## Exercise aim
With the pictures left out, every record must be reproduced exactly.

§ §

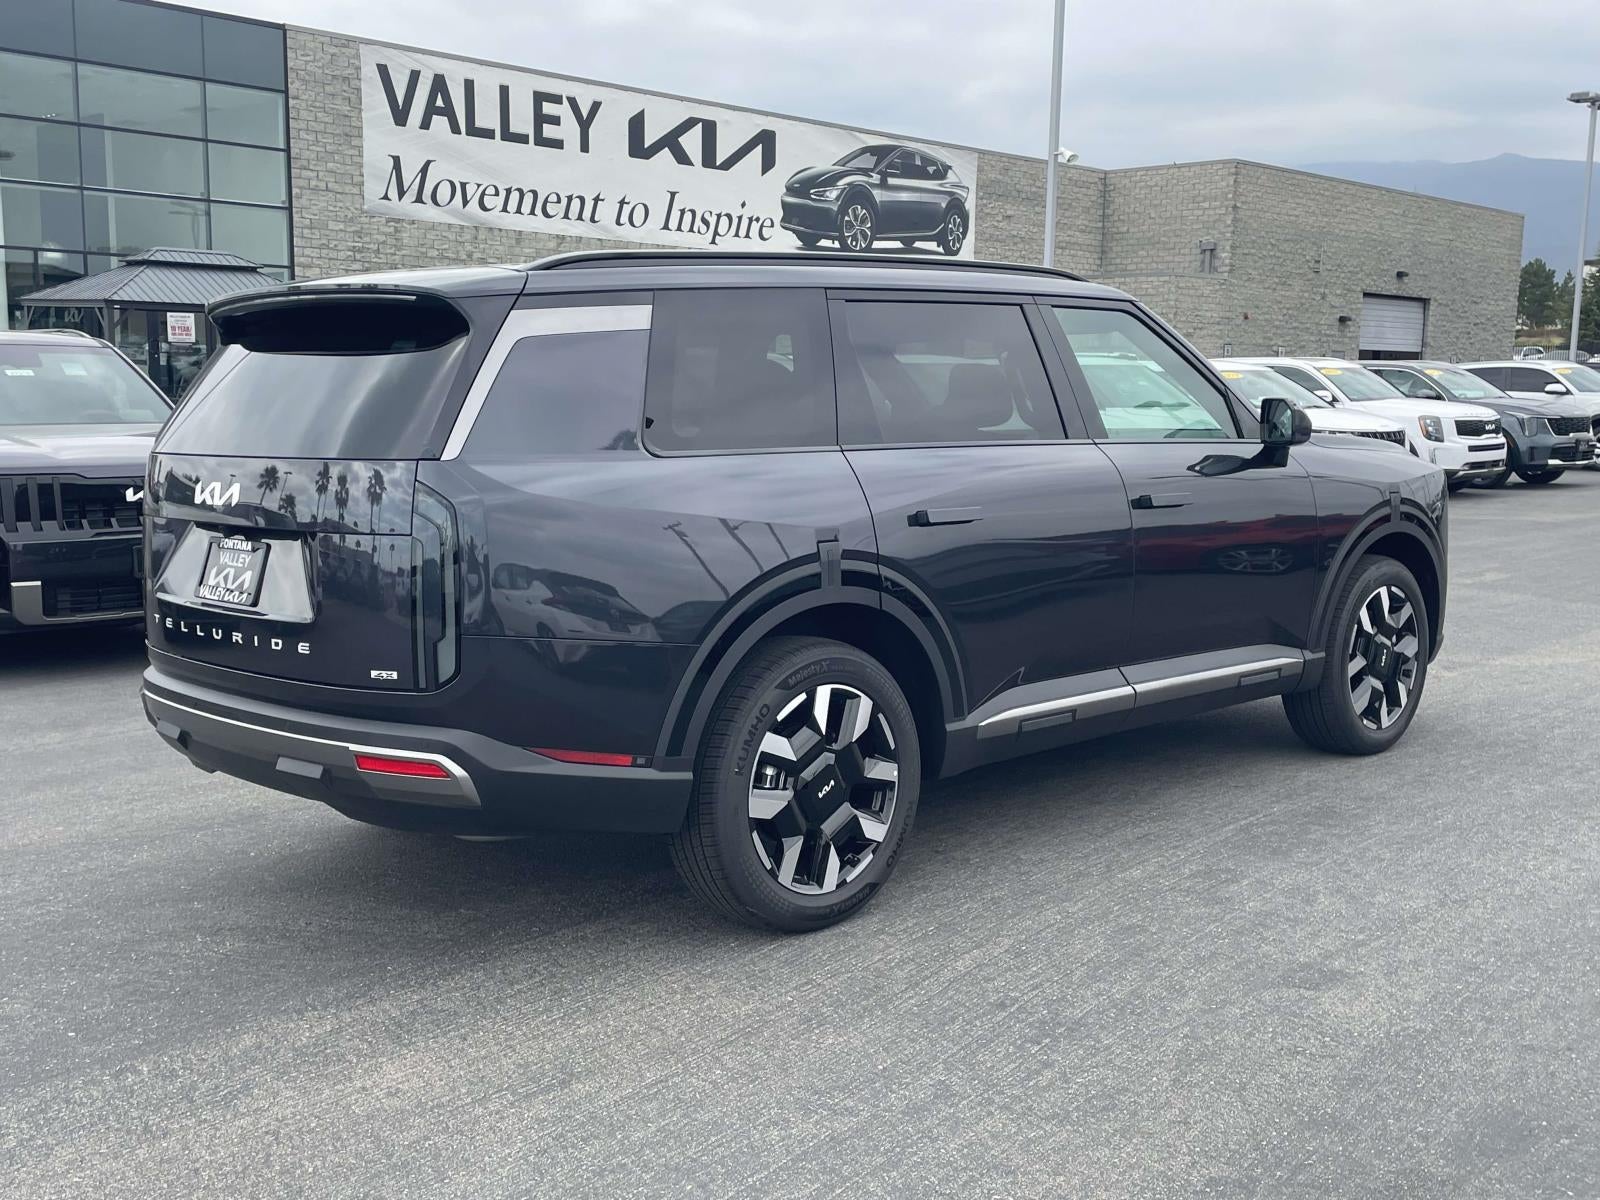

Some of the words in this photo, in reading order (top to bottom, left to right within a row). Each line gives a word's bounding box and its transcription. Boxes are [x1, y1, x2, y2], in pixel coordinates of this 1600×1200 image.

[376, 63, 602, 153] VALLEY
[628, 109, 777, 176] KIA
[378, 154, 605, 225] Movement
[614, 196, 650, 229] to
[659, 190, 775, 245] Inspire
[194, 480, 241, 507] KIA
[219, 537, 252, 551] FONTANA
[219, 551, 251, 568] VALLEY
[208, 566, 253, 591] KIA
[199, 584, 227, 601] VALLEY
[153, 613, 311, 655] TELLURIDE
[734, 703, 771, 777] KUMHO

§ §

## Response area
Some of the words in this photo, in reading order (top to bottom, left to right within a row). Each line gives a word's bounding box and its transcription. Boxes are [x1, y1, x2, y2], in pixel coordinates of this 1600×1200 image.

[376, 63, 602, 153] VALLEY
[628, 109, 777, 176] KIA
[378, 154, 605, 225] Movement
[614, 196, 650, 229] to
[659, 190, 775, 245] Inspire
[194, 480, 241, 507] KIA
[219, 537, 252, 551] FONTANA
[219, 551, 251, 568] VALLEY
[208, 566, 253, 591] KIA
[199, 584, 227, 601] VALLEY
[153, 613, 311, 655] TELLURIDE
[734, 703, 771, 777] KUMHO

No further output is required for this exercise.